Data excerpts
====

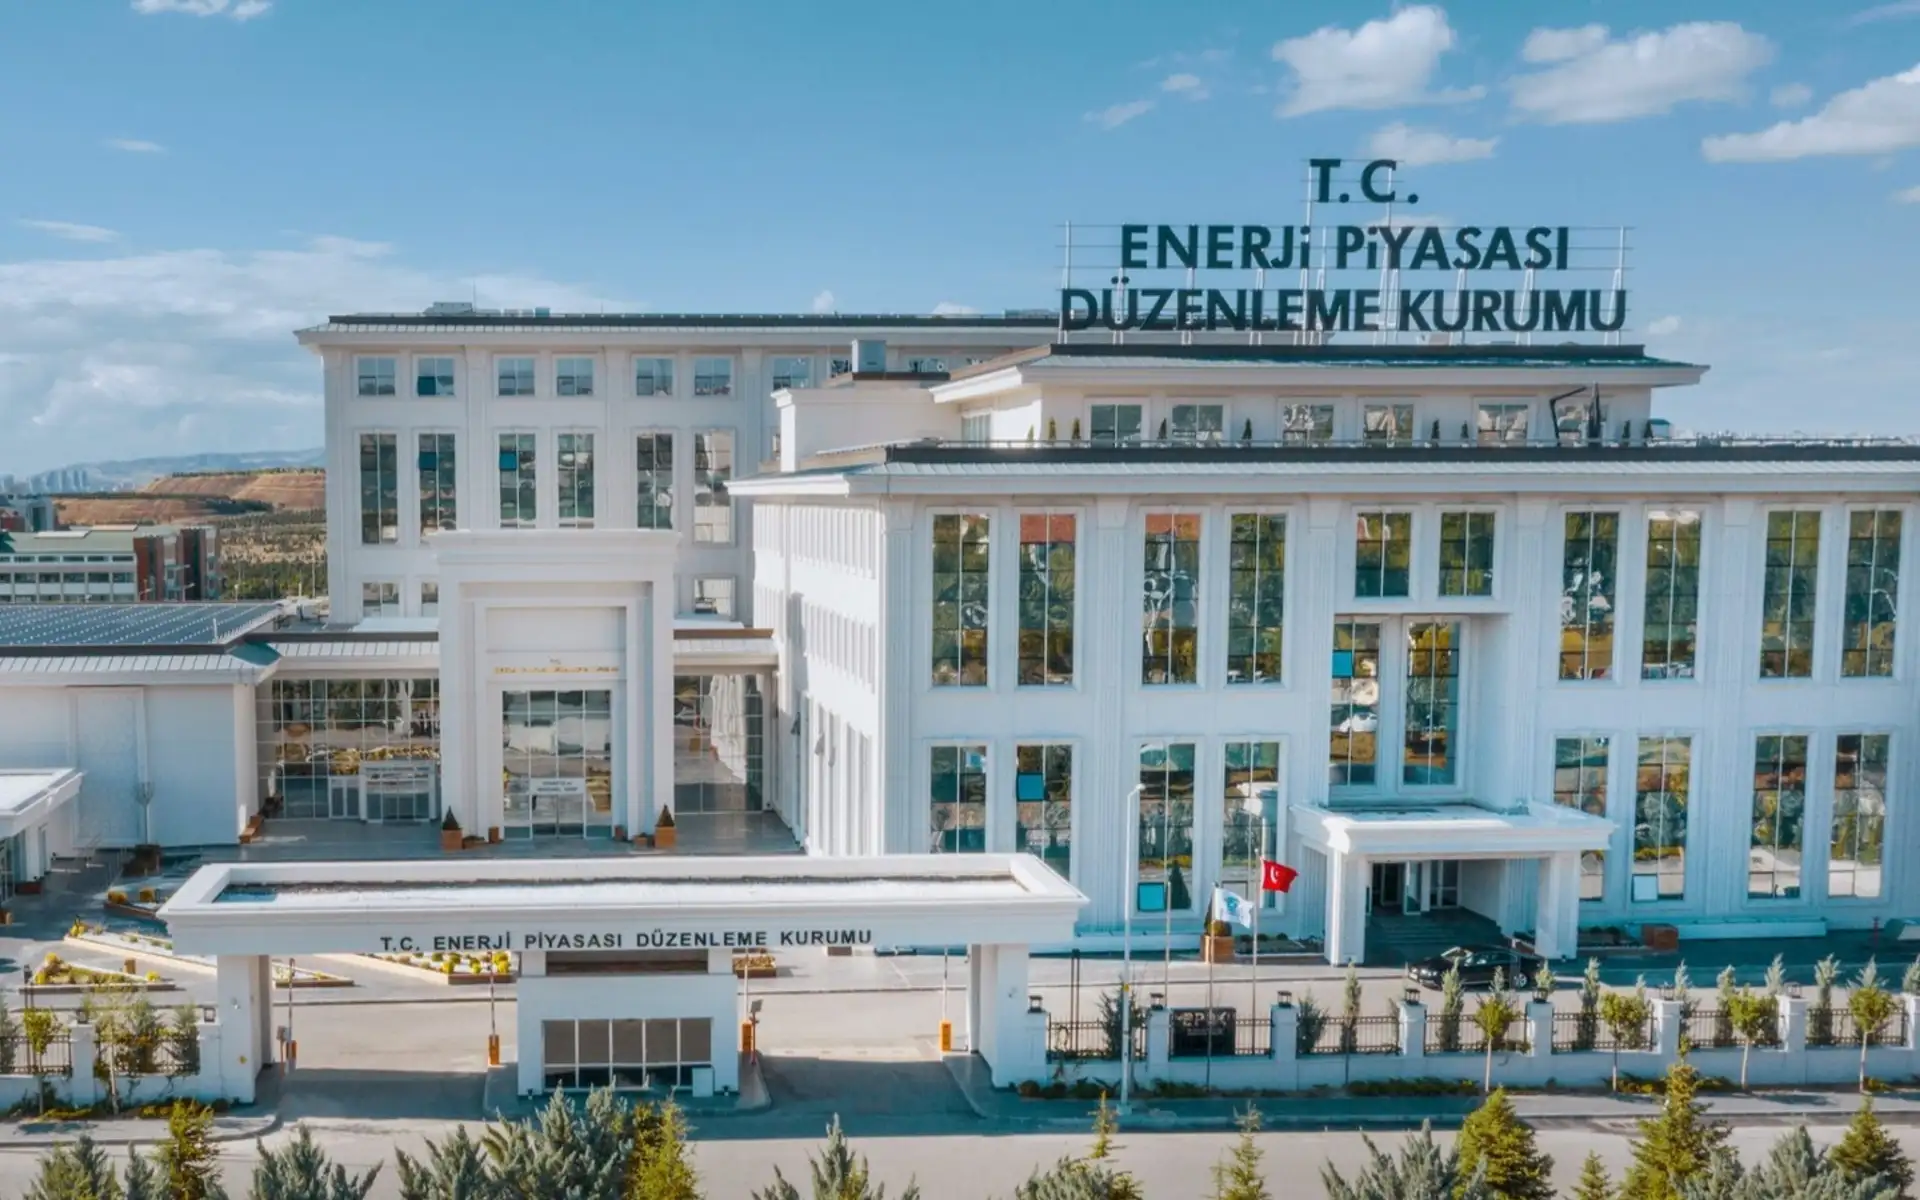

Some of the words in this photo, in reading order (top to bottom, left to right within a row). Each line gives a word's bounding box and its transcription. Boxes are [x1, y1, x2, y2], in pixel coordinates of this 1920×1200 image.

[1062, 277, 1380, 331] DÜZENLEME
[1400, 289, 1627, 331] KURUMU
[380, 936, 420, 952] T.C.
[637, 929, 767, 947] DÜZENLEME
[781, 929, 872, 945] KURUMU
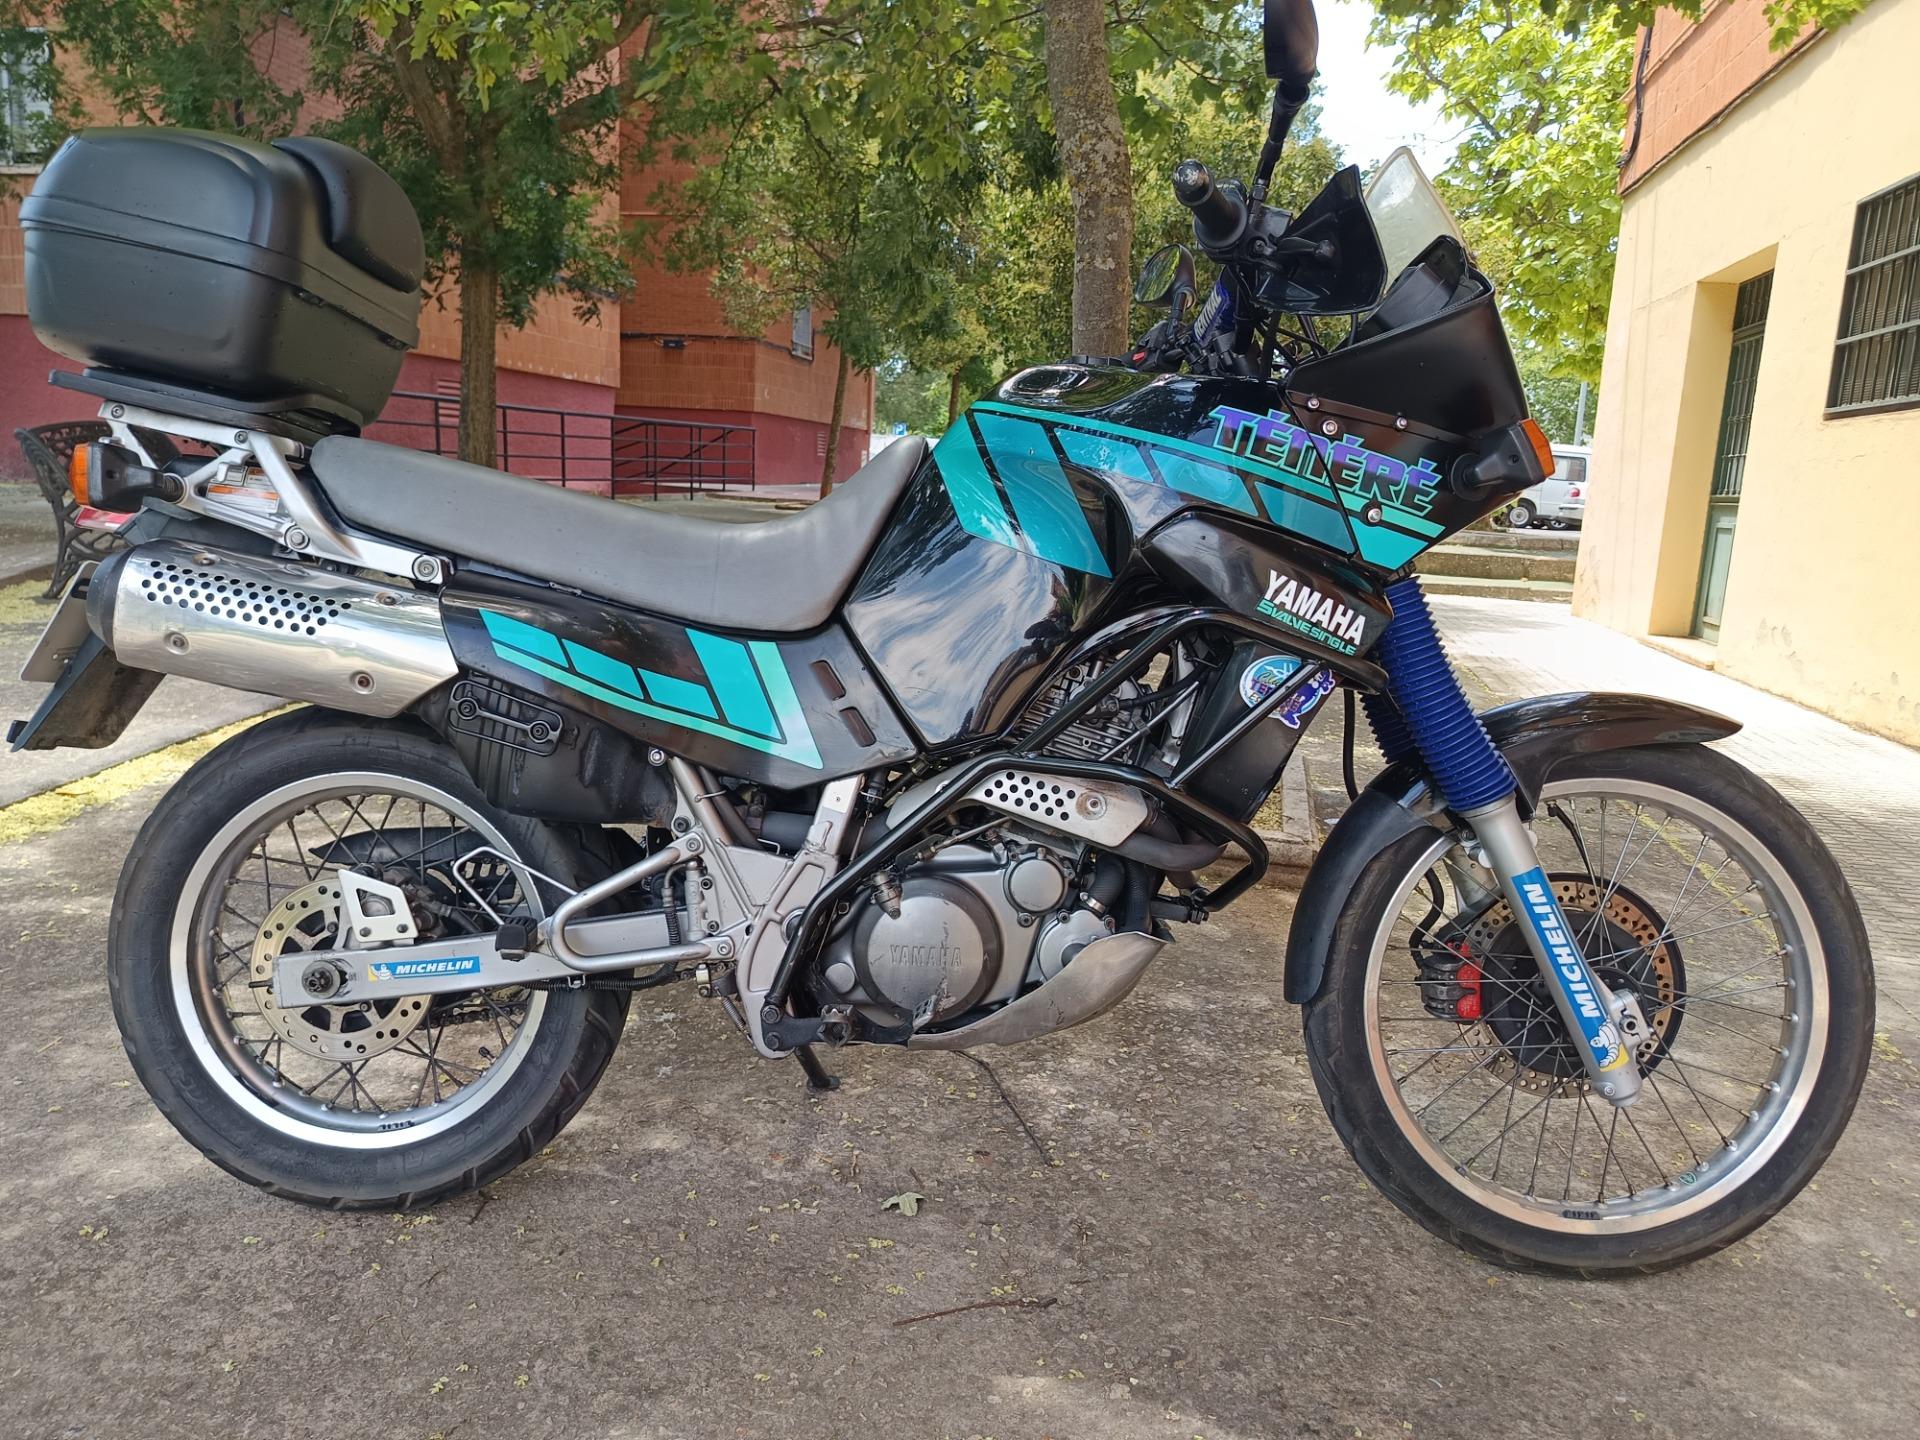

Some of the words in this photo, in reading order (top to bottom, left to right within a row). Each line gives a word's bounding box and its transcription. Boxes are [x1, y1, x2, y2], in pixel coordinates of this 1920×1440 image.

[1264, 569, 1366, 646] YAMAHA
[396, 960, 474, 974] MICHELIN
[890, 944, 962, 967] YAMAHA
[1522, 883, 1601, 1019] MICHELIN
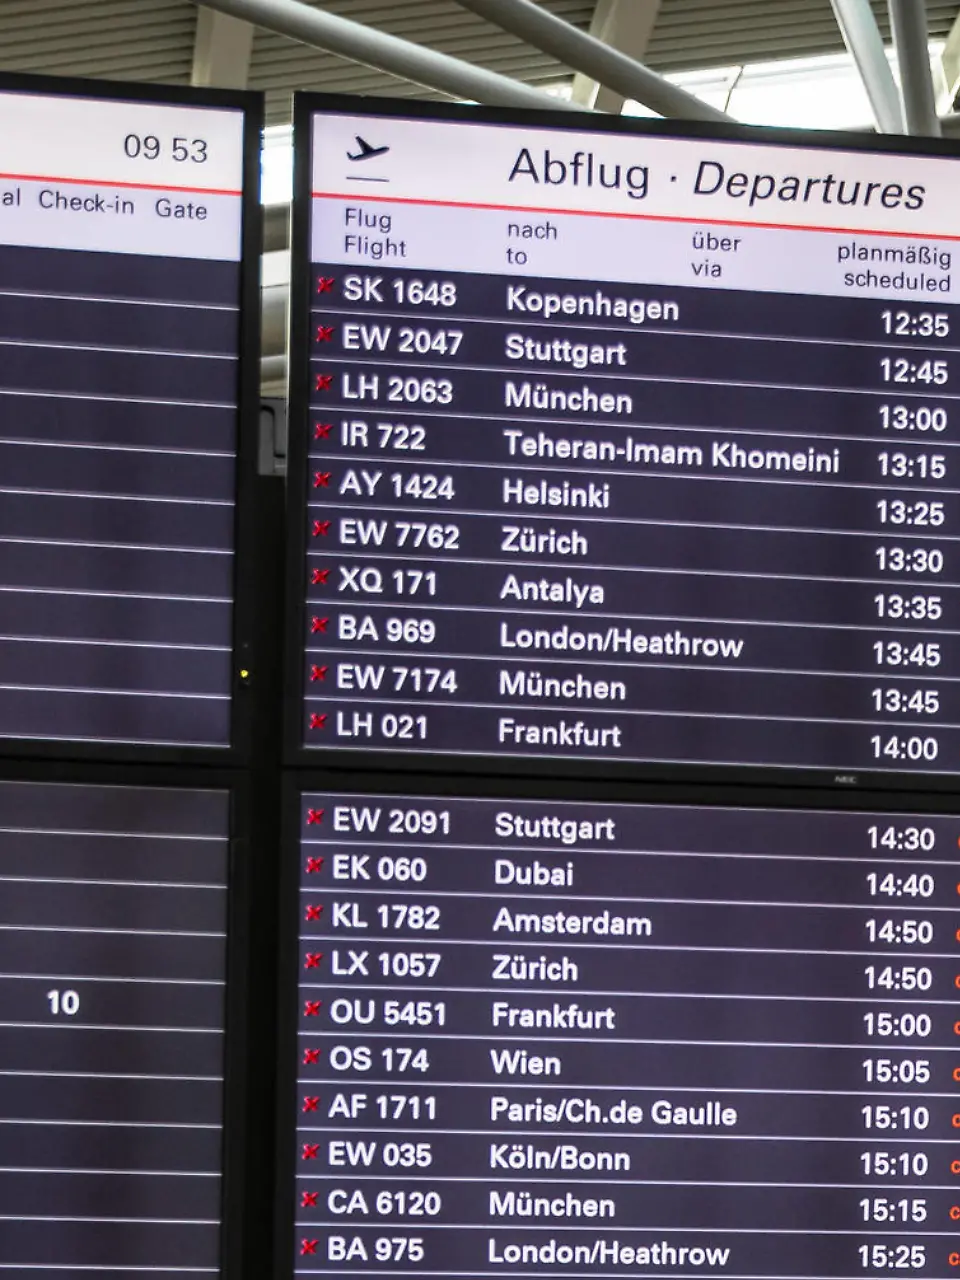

====

Before copying, set the pictures aside; then give the records again exactly.

Some of the words in this photo, in reading order (top to bottom, left to right within a row). Each line gives a word's bounding box and its transcription. Boxes are [x1, y1, x2, y2], in pixel coordinates of this 1920×1200 image.

[1062, 277, 1380, 331] DÜZENLEME
[1400, 289, 1627, 331] KURUMU
[380, 936, 420, 952] T.C.
[637, 929, 767, 947] DÜZENLEME
[781, 929, 872, 945] KURUMU

Some of the words in this photo, in reading order (top to bottom, left to right within a row). Each line gives a word's bounding box and its transcription. Boxes are [x1, y1, x2, y2], in pixel coordinates of this 1920×1440 image.

[1264, 569, 1366, 646] YAMAHA
[396, 960, 474, 974] MICHELIN
[890, 944, 962, 967] YAMAHA
[1522, 883, 1601, 1019] MICHELIN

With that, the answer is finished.